First thing I did was throw my Smok TCT on it. Set resistance. Put the Joules and temp low, just to acclimate everything. Vaped that for awhile (extremely light and whispy), then let the coil cool and reset resistance. Came out to .18. Perfect.

Are those nickel coils? If so, be sure the temp setting is set to nickel. If using Ti coils, be sure it's set to Ti mode.

I put the Joules at 40 and the temp at 350....a half second of a real hit, followed by an extremely whispy vape. We're talking less than a clearo from 4 years ago.

Put my Joules to 30, crank them temp to 400...same thing

Put Joules to 40, temp at 450...finally, a mediocre vape. But, actually visible clouds.

I need to be around 450 to get a decent vape as well.

Put my TCT on my IPV4...rocking and rolling at 45J and 350 degrees. Same with my Sig 150

I doubt 350 is accurate.
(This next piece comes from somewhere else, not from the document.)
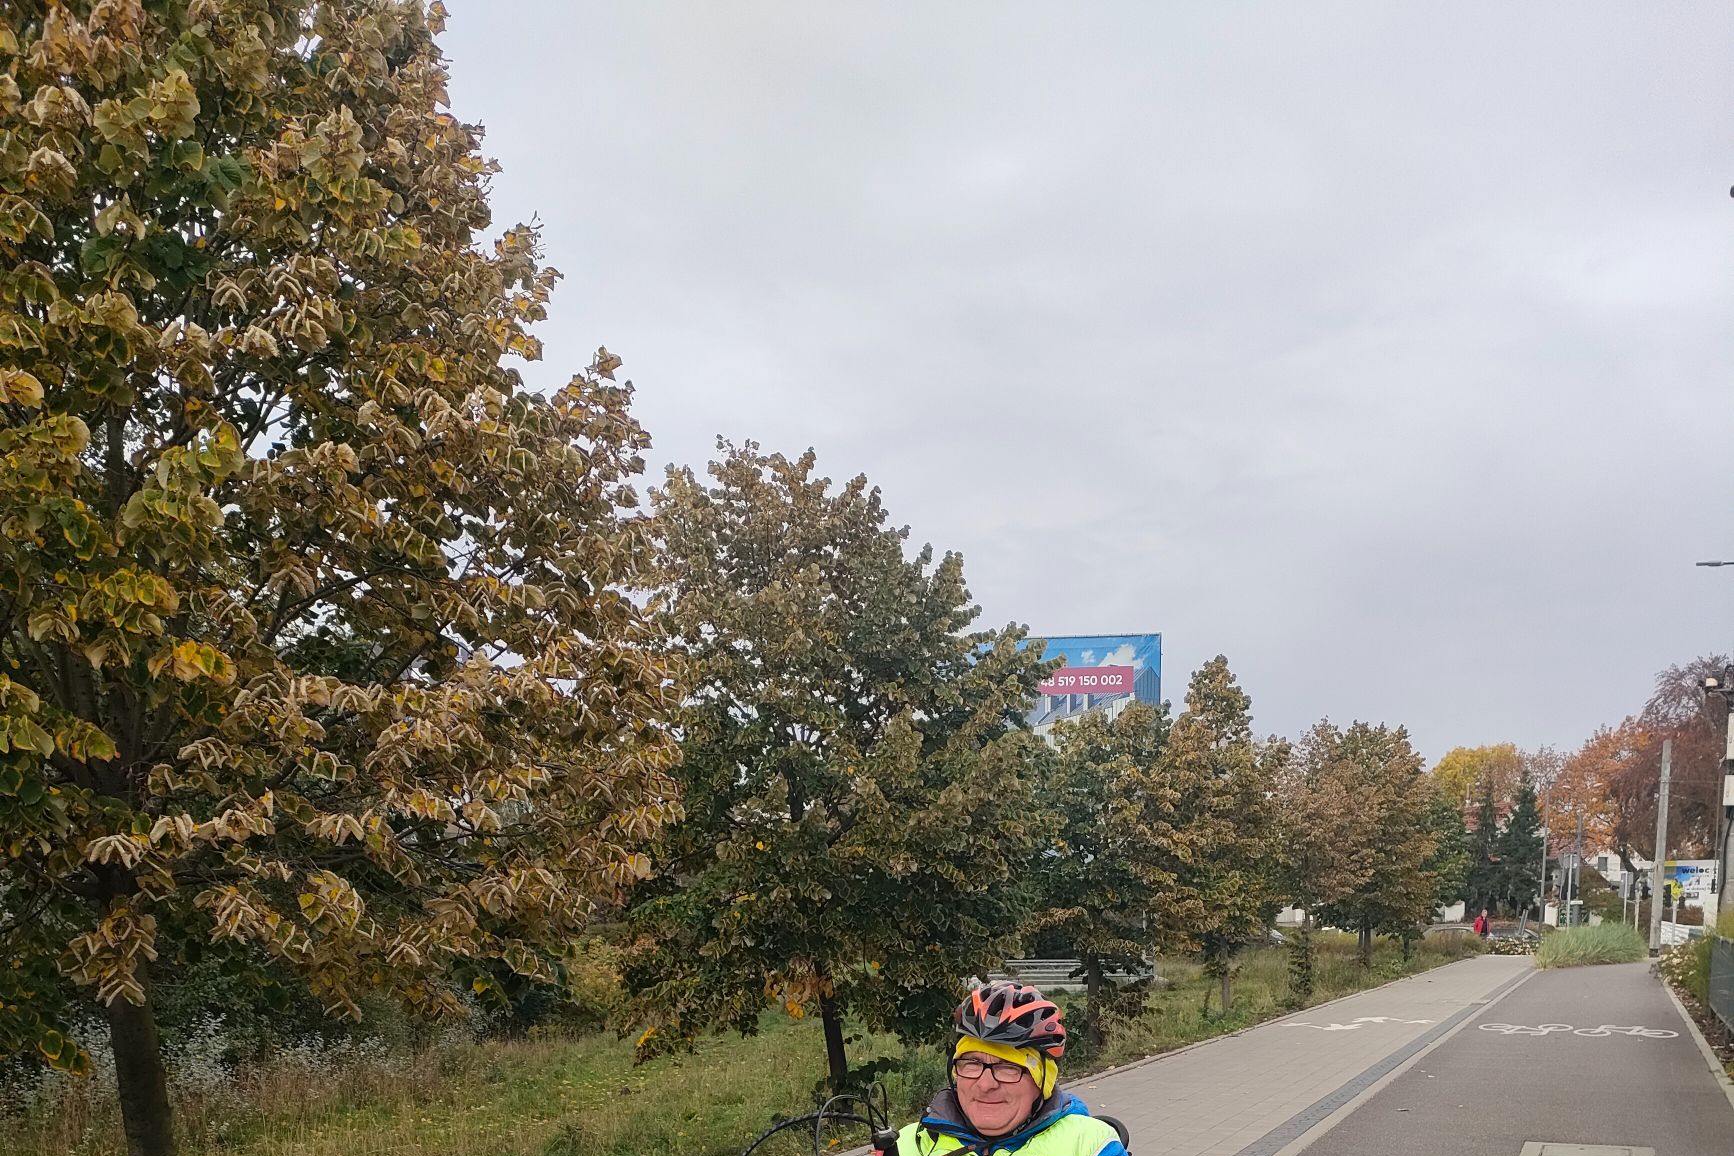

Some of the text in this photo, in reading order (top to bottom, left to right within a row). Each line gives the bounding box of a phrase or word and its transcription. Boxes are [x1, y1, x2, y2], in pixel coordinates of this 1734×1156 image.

It would be impossible to get much vapor (especially with a high VG juice) at 350°F. I doubt you would see much vapor until 400°F.

I know this reads active resistance, but if I lock in my coil at .19, as soon as i hit it, it only displays ".39". I never see it display anything below that until I reset my resistance (but that just jumps back to ".39" as soon as I hit it)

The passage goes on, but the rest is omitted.